# == **Determination of Optical Density from FIJI analysis** ==




## Dictionary construction and use

In this Colab cell you can upload a text file named "treatment_dict.txt" that contains a valid Python dictionary literal (e.g., {"339": "CTR", "340": "ABC"}).

It will safely parses it with ast.literal_eval, and normalizes it to dict[str, str] and then prints how many pairs were loaded plus a short sample.

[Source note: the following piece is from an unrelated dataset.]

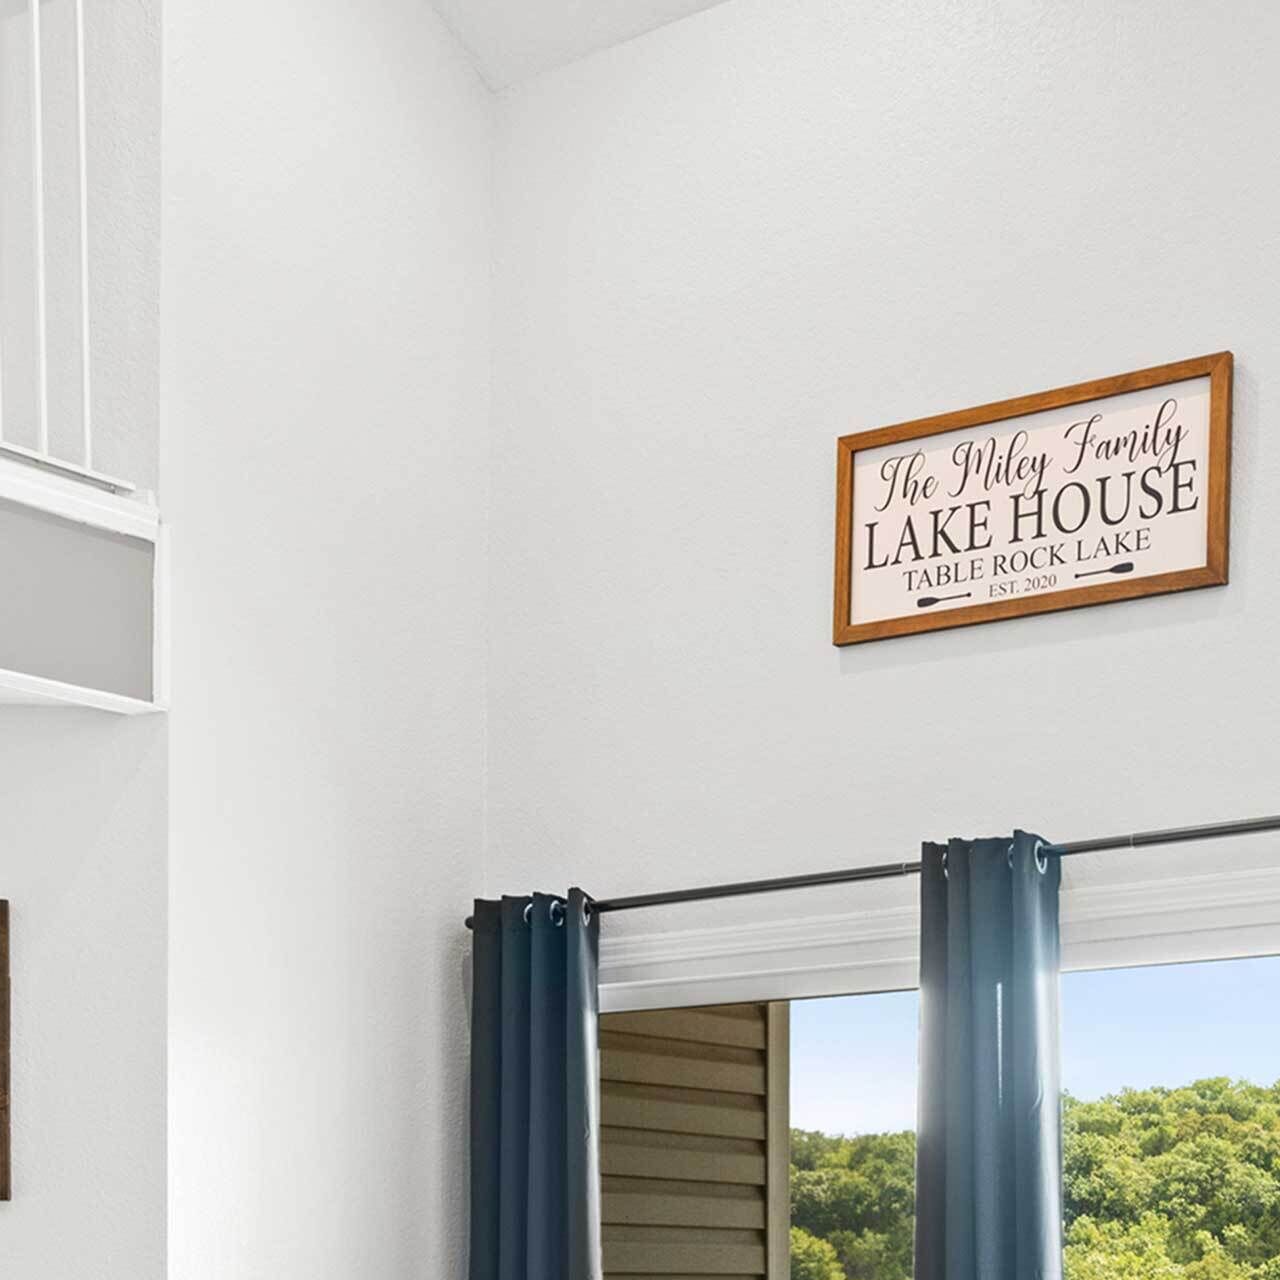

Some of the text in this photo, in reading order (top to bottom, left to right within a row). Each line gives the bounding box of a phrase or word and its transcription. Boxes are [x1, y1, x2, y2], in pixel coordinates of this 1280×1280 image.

### How to create the file ("treatment_dict.txt")
1. Open a plain text editor (e.g., Notepad, VS Code).
2. Paste or create a valid Python dictionary literal with key–value pairs. Examples:
- {"339": "CTR", "340": "ABC"}
- {339: "CTR", 340: "ABC"} (numbers will be coerced to strings)

>Notes: use straight quotes (' or "), no trailing commas after the last item, and one top-level dictionary only.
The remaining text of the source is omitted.